Towards Enhanced Deep Learning for Epistasis Modeling: Applications to Genetics of Amyotrophic Lateral Sclerosis

Decrypting our genome can bring answers to many questions concerning our existence: why we look the way we do, how we live, and how we develop diseases. For decades, scientists have searched for the origins of disease in lifestyle, environmental exposure, and the genetic code we carry and pass down through generations. Nevertheless, some diseases, while clearly hinting at a genetic basis, remain enigmas. Among them is the neuromuscular disorder Amyotrophic Lateral Sclerosis (ALS). Now that the reading of the human genetic code has been completed, research efforts focused on collecting genetic data to solve this mystery have gained more momentum than ever. Yet the genome itself is a vast and complex data sequence, too intricate to be fully understood using traditional mathematical or statistical models. This complexity calls for more sophisticated approaches, such as those offered by deep learning.

This thesis primarily recognizes the potential of deep learning models in solving the genetic puzzle of ALS disease, motivate the need to employ these methods in genetics research, and decomposes the obstacles to their use. The thesis is a collection of three chapters that study these obstacles and propose methodological solutions for the greater purpose of enhancing the utility of deep learning in genome research. To ultimately shed light on how genetic factors contribute to ALS, the genome must first be transformed into manageable data representations (Chapter 2).
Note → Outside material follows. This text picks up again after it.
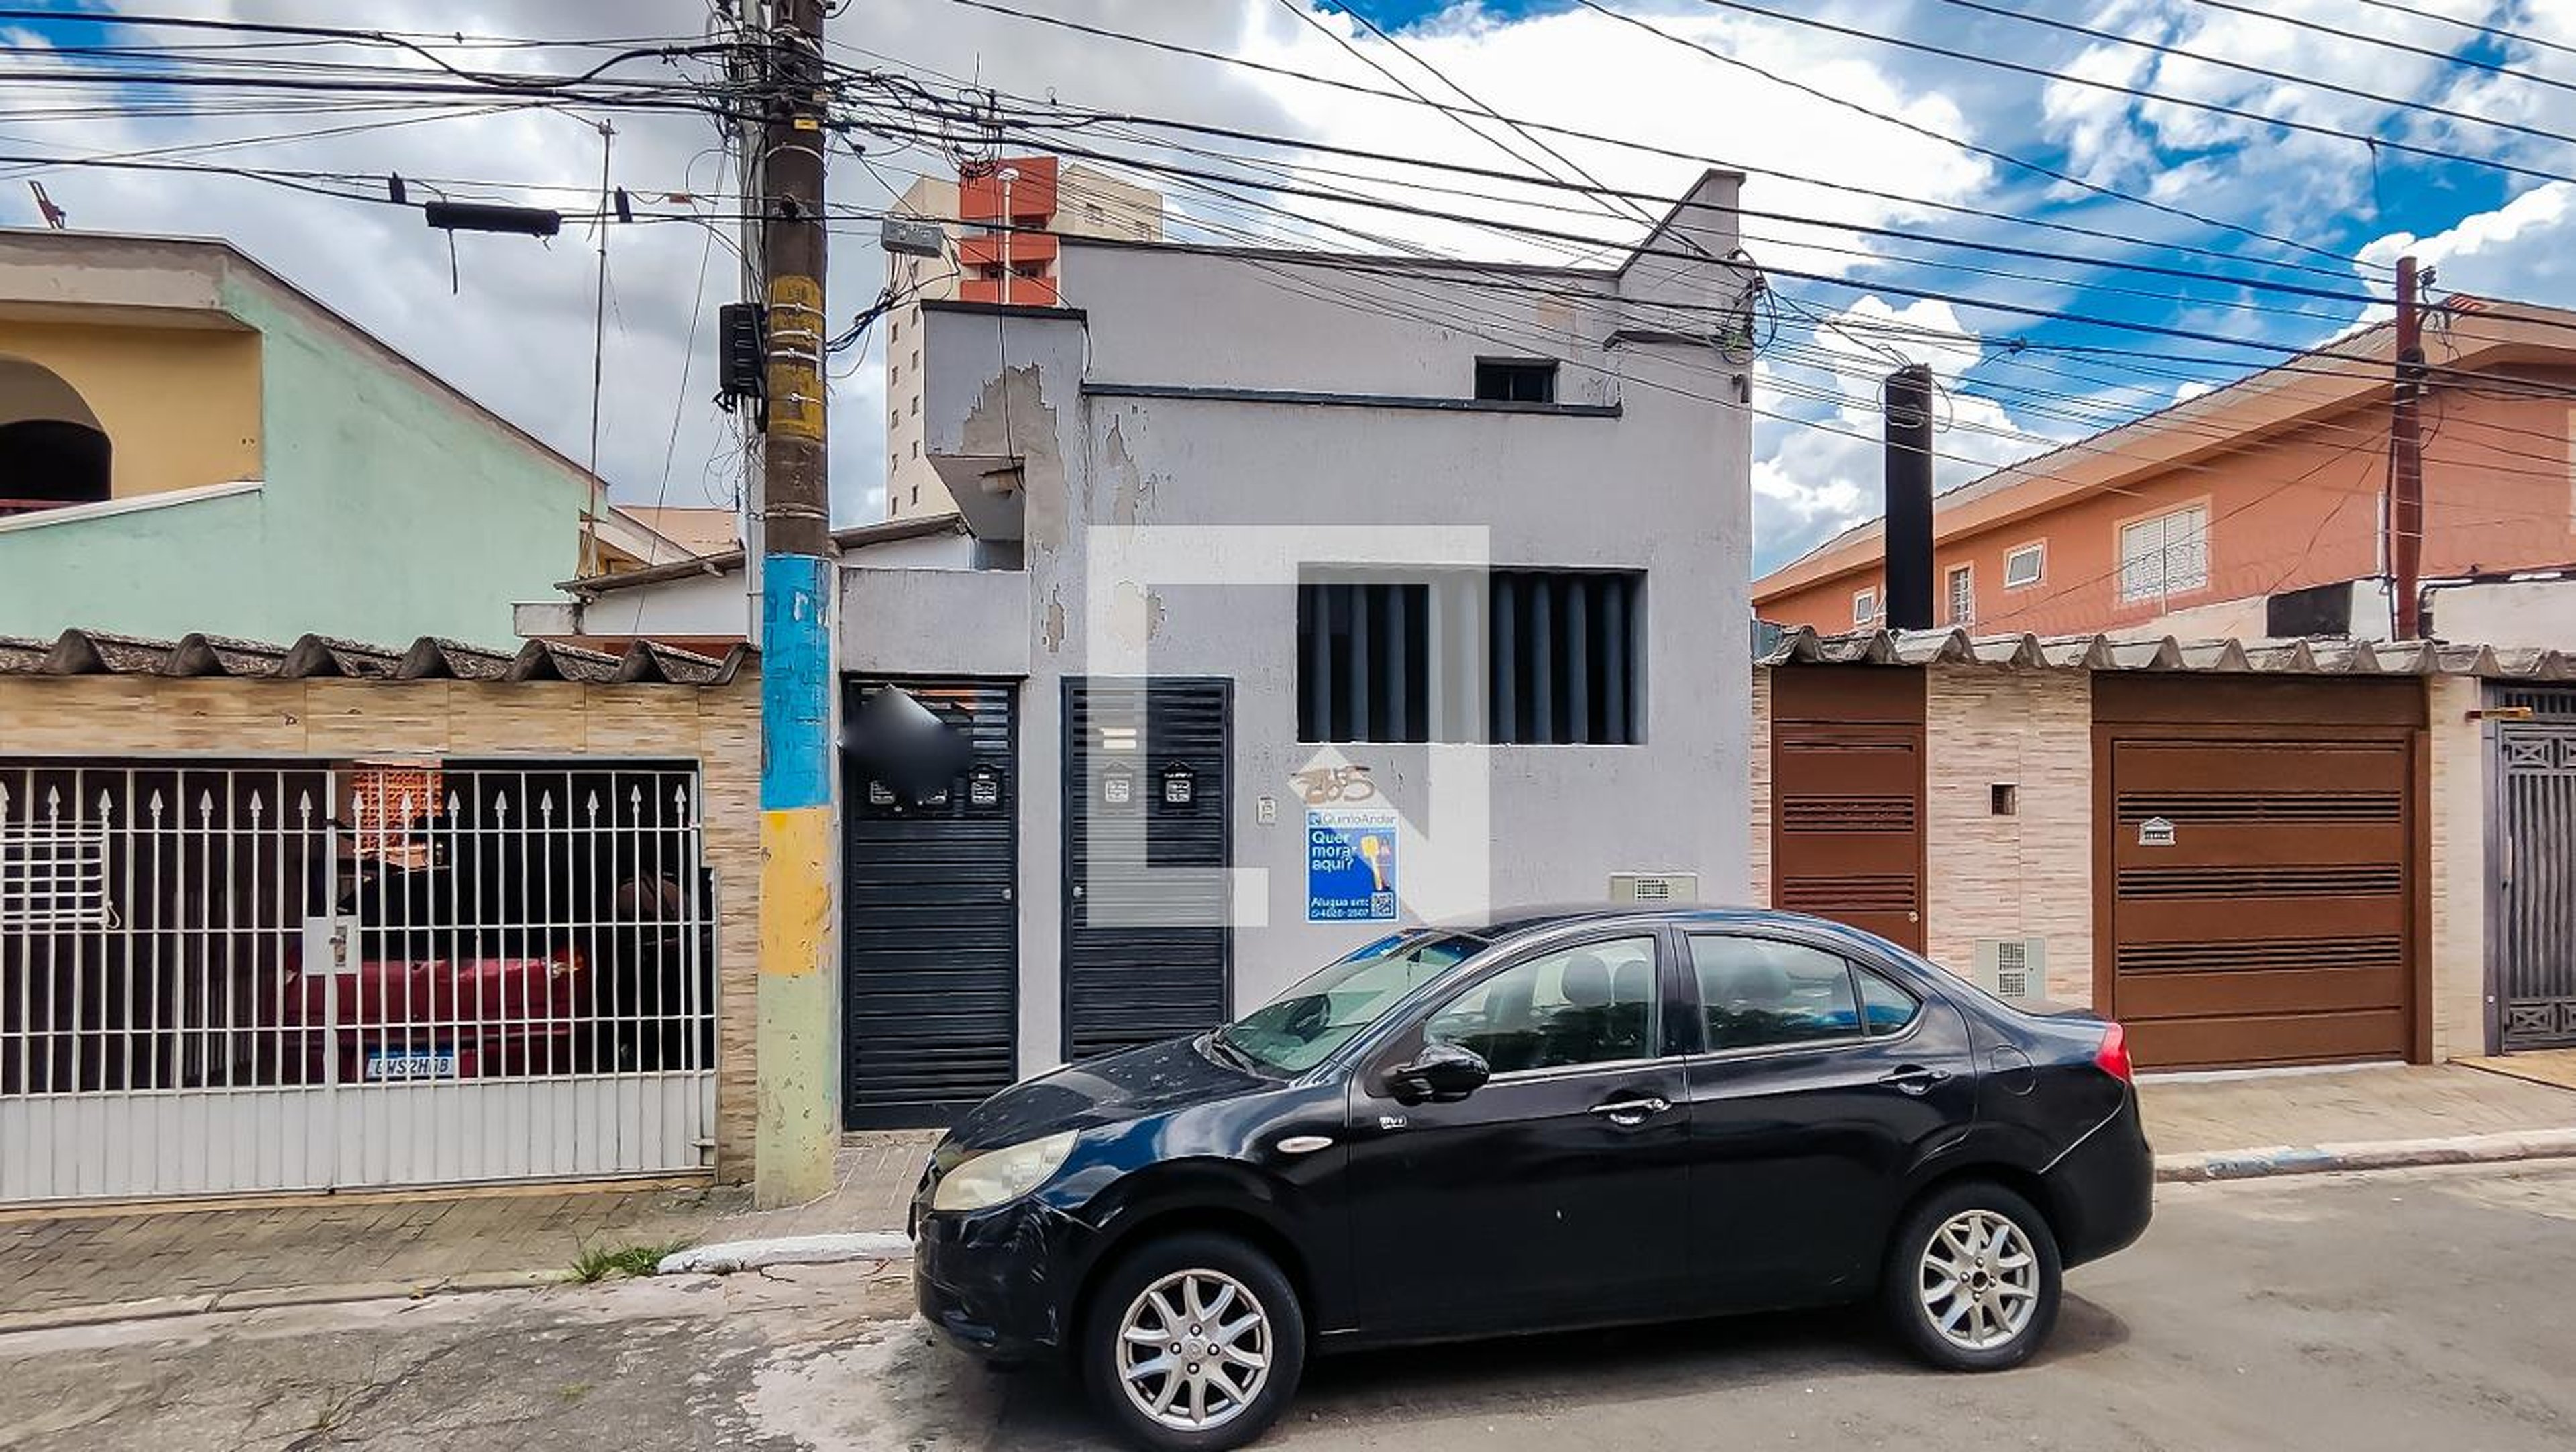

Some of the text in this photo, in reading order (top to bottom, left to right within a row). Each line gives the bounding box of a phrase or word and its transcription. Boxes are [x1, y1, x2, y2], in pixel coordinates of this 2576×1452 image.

[1312, 831, 1350, 845] Quer
[1312, 846, 1358, 858] morar
[1312, 857, 1354, 873] aqui?
These representations must then be constructed in a way that retains the subtle genetic signals associated with the disease, rather than only capturing the most prominent genetic characteristics of an individual (Chapter 3). Finally, predicting who has the disease may not always align with what truly causes it.
Such predictions can be complicated by patterns in the genetic data that are irrelevant to the actual biology of the disease. An alternative is to model what differentiates a patient from a healthy person, and what genetic patterns are shared between two patients or two healthy individuals (Chapter 4).